Slife: Air Superiority, Base Defense Must Adapt to Modern War

Small one-way attack drones widely used on the frontlines of Ukraine and against U.S. outposts in the Middle East have fundamentally altered the definition of air superiority, Vice Chief of Staff of the Air Force Gen. James C. “Jim” Slife said April 24.

“Our traditional conception of what things like air superiority means have changed,” Slife said at a panel discussion at the Center for Strategic and International Studies.

“One thing that you can look at in Ukraine is the return of firepower—the reason that it has become so bloody is because of the lack of ability to maneuver,” he said. “One component of that is the inability of both sides to achieve air superiority in the face of a proliferated air threat and formidable air defenses. I think there’s some lessons that we can be learning.”

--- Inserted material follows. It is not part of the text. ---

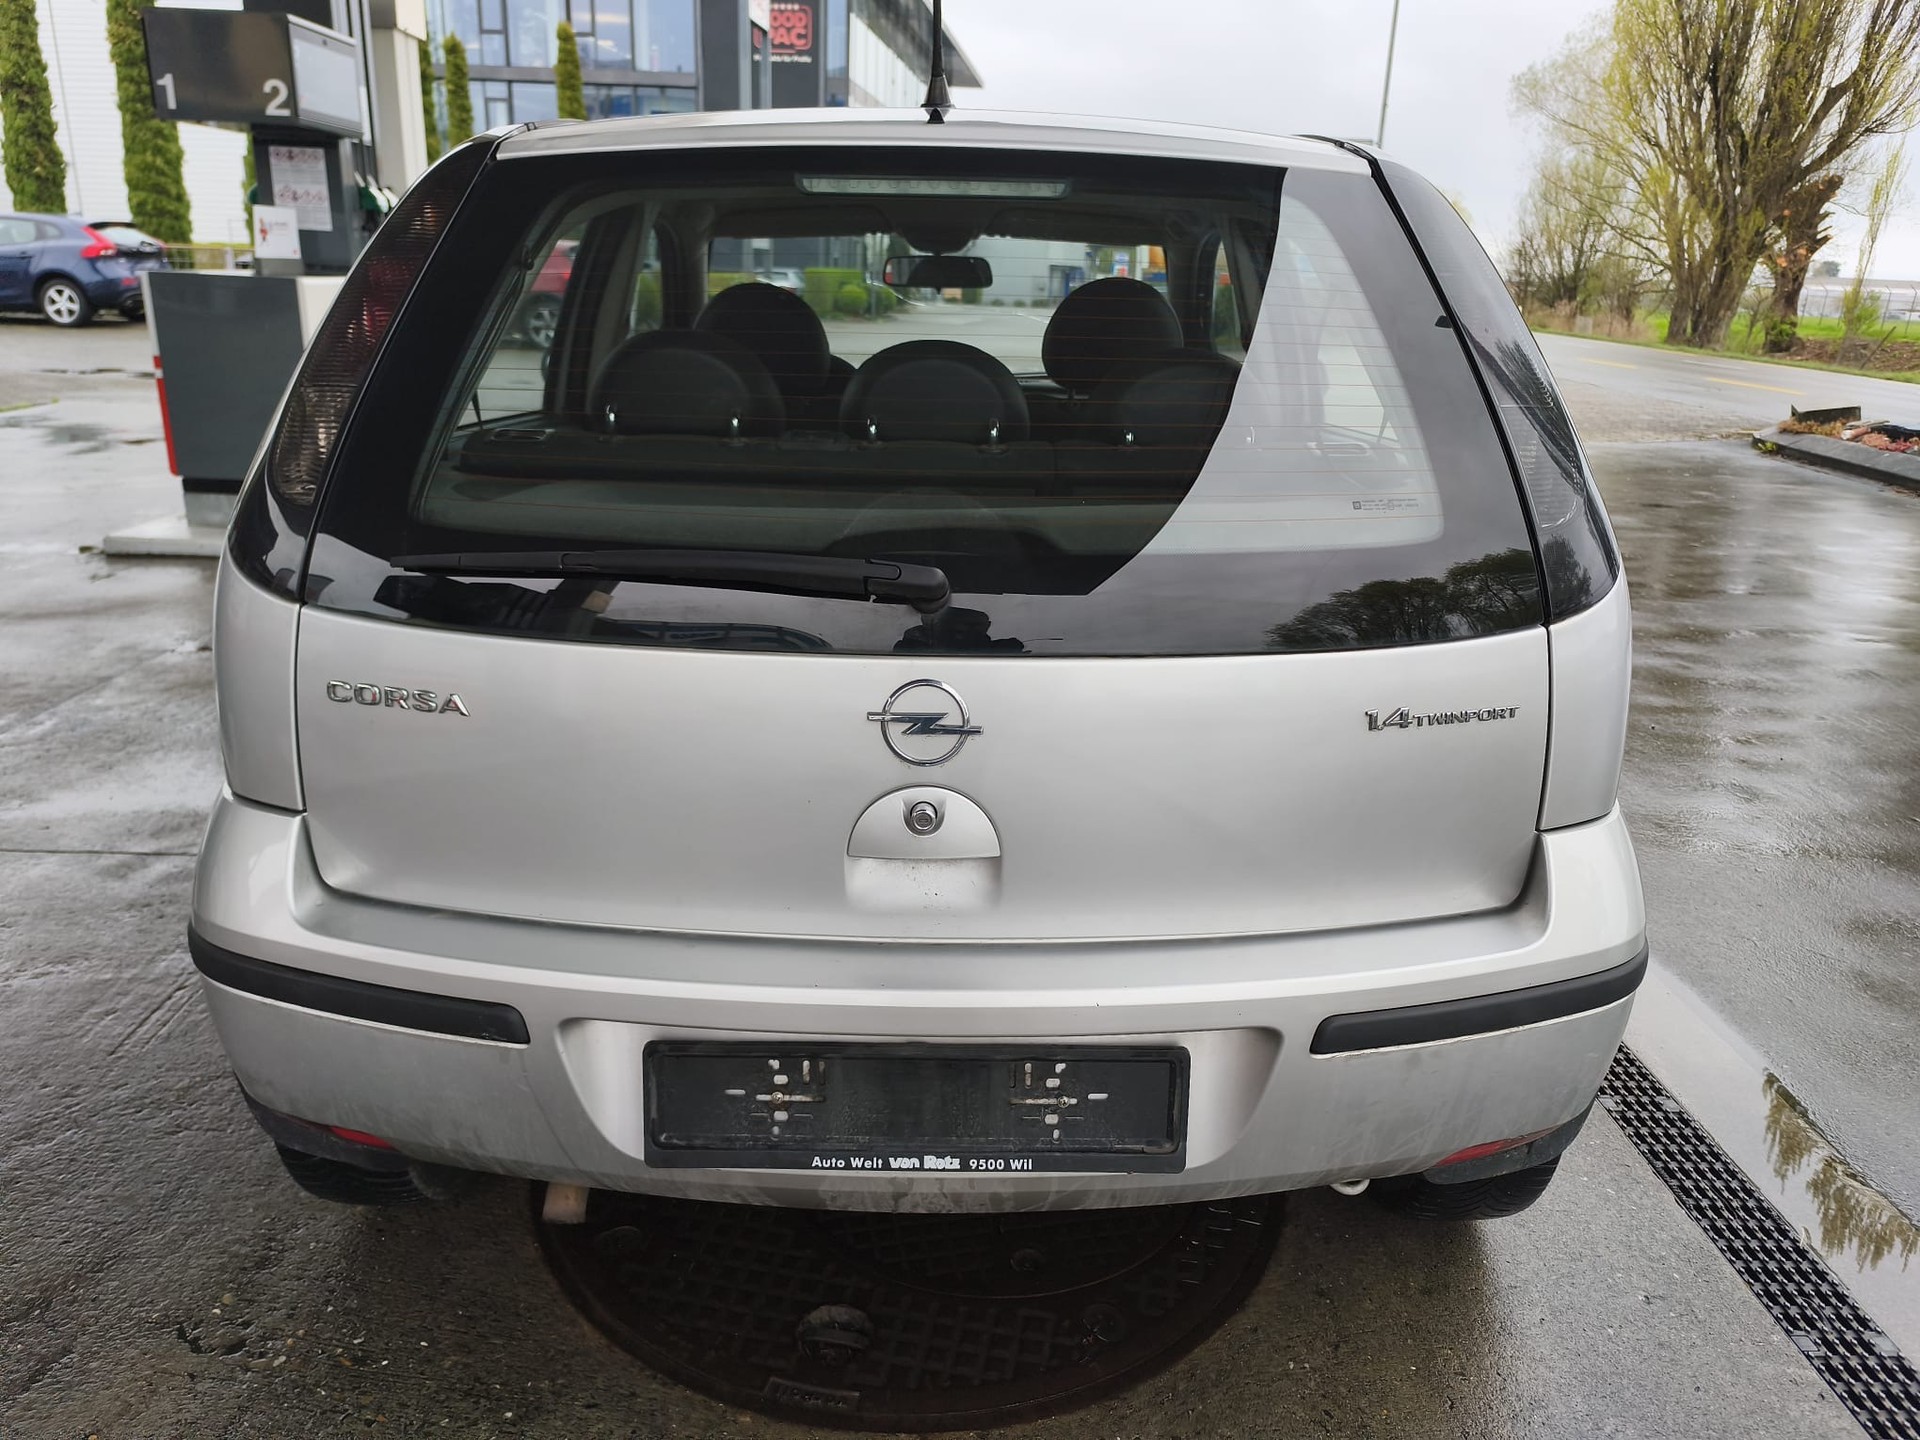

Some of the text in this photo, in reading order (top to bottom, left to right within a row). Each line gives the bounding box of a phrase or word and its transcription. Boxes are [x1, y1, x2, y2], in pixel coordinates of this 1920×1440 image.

Slife cited the defense of Israel against Iranian drone attacks earlier this month as an example of an effective layered air defense, where the U.S. and its partners intercepted missiles and drones launched from Iran, Iraq, Syria, and Yemen. On April 13, U.S. Air Force F-15E and F-16 fighters shot down more than 70 drones during the attack, which involved over 100 ballistic missiles, 30 land-attack cruise missiles, and 150 drones. U.S. and Israeli officials claimed to intercept “99 percent” of the drones and missiles, with Israel taking out the majority of the threats, in part by intercepting ballistic missiles in space.

“Our coalition forces had a pretty successful weekend a couple of weekends ago against a really concerted Iranian attack on Israel,” said Slife. “Some of what was shot down was shot down with bullets. It was 20-millimeter shells coming out of the front end of a fighter. That’s a pretty favorable cost exchange right there.”

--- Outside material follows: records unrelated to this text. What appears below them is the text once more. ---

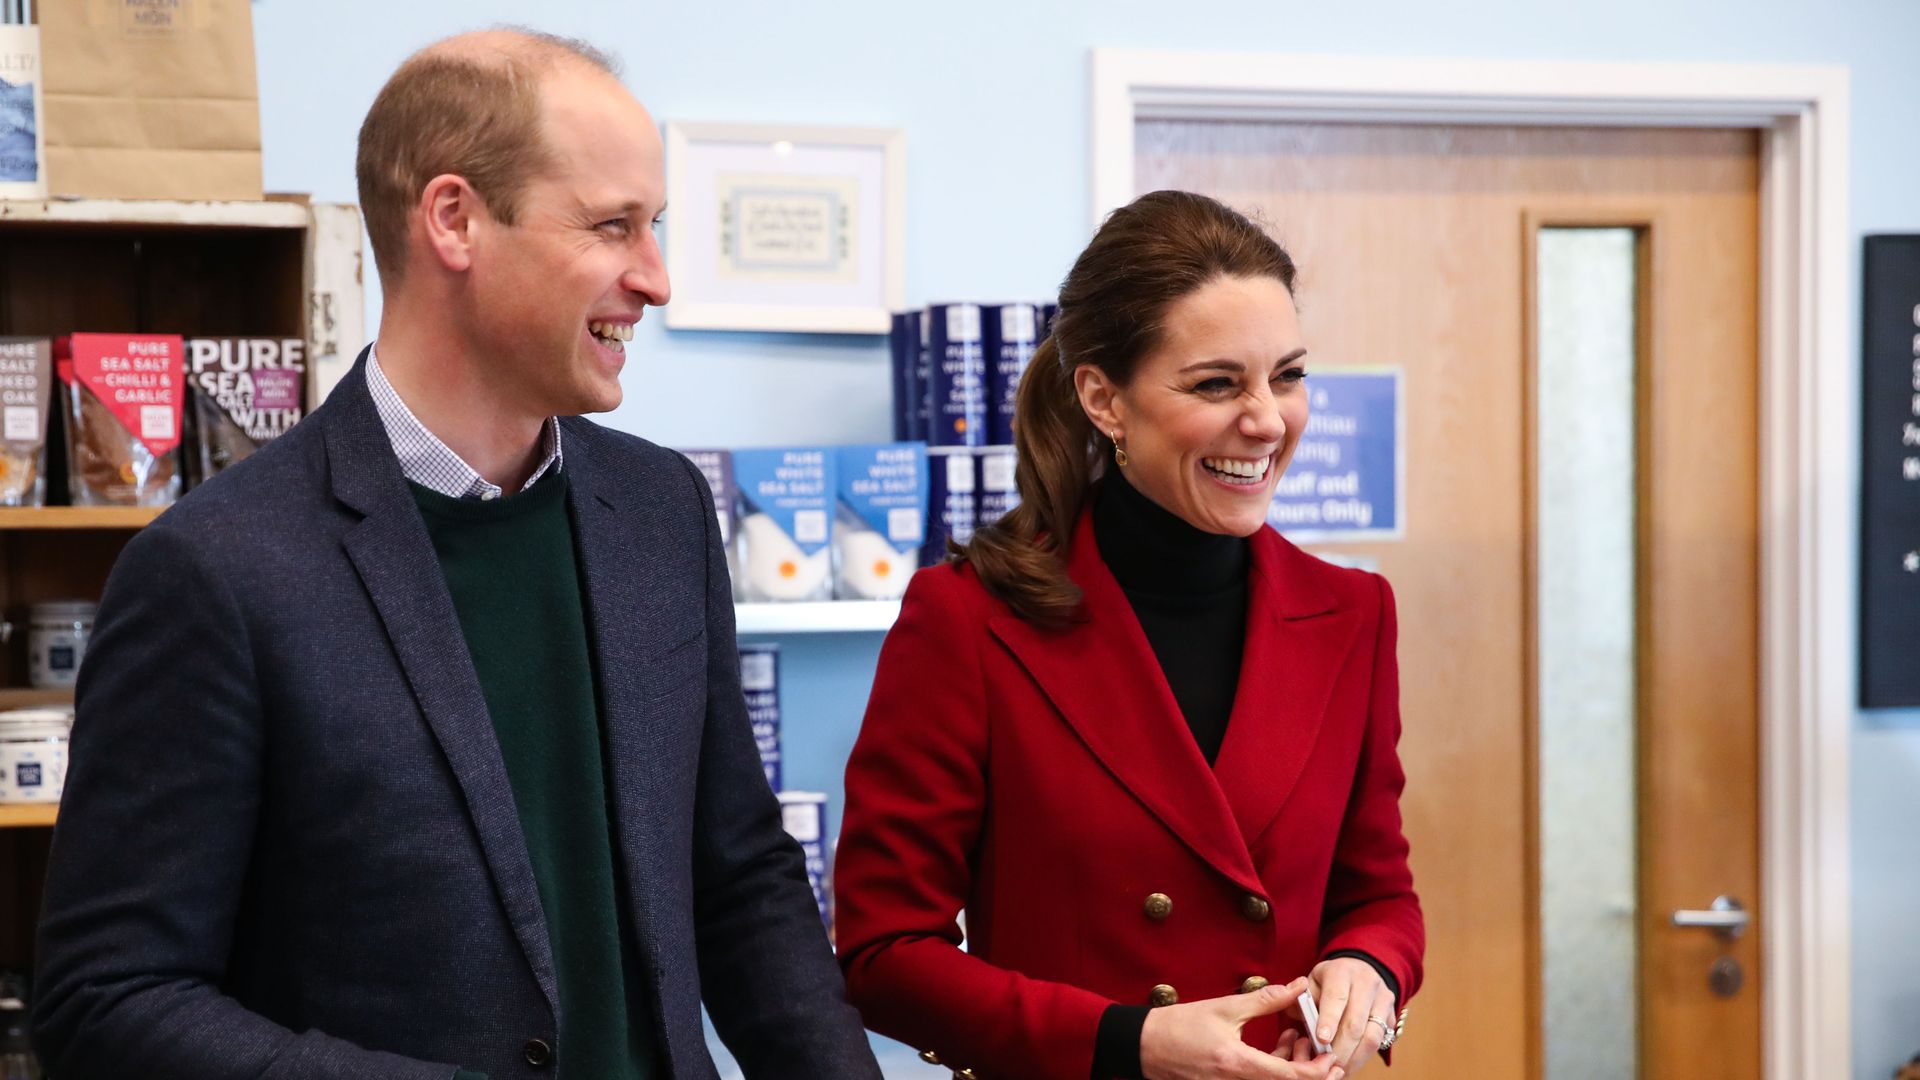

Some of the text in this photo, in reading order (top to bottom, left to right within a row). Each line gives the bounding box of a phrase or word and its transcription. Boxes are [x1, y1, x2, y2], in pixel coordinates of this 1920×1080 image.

[128, 342, 169, 355] PURE
[190, 339, 305, 372] PURE
[101, 357, 170, 371] SEA SALT
[105, 373, 156, 387] CHILLI
[160, 373, 171, 387] &
[200, 373, 255, 395] SEA
[3, 391, 37, 404] OAK
[115, 389, 172, 403] GARLIC
[230, 407, 301, 431] WITH
[783, 451, 823, 465] PURE
[876, 450, 915, 463] PURE
[758, 480, 824, 495] SEA SALT
[852, 479, 917, 494] SEA SALT
[1318, 472, 1359, 496] and
[1322, 499, 1372, 526] Only

However, Slife cautioned against relying on individual platforms. U.S. fighters were already staged and ready for the attack, and Israel has an extensive network of detection methods and interceptors.

Slife noted that historically, each service focused on the set of requirements for each platform. In the case of the Air Force, that would entail things such as an aircraft’s speed or a missile’s range.

“We’re really, really good at it,” said Slife. But the U.S. must shift from a platform-centric approach to better integration among different systems to respond to a myriad of threats.

“There’s a shift underway to system-level integration where the sensor is in a different place than the shooter, [which] is in a different place from the electromagnetic spectrum effects that we’re going to generate,” said Slife. “All of these things have to be integrated at a system-level and it becomes a much less service by service, platform by platform approach to how we’re going to fight.”

This is crucial for future warfare, Slife said. In recent years, tensions in the Pacific have escalated due to China’s stance on unifying Taiwan with Beijing, which also protests American and allied operations in the South China Sea.

For regional defense, such as protecting Guam, Slife said the U.S. military’s ability to fight as one force, rather than as individual branches, is an advantage over its adversaries. He said the Army and the Air Force are working particularly closely on how to defend air bases from air attack.

“We’re not trying to build the best services on the planet, we’re trying to build the best joint force on the planet because we don’t fight as services we fight as a joint force,” he said.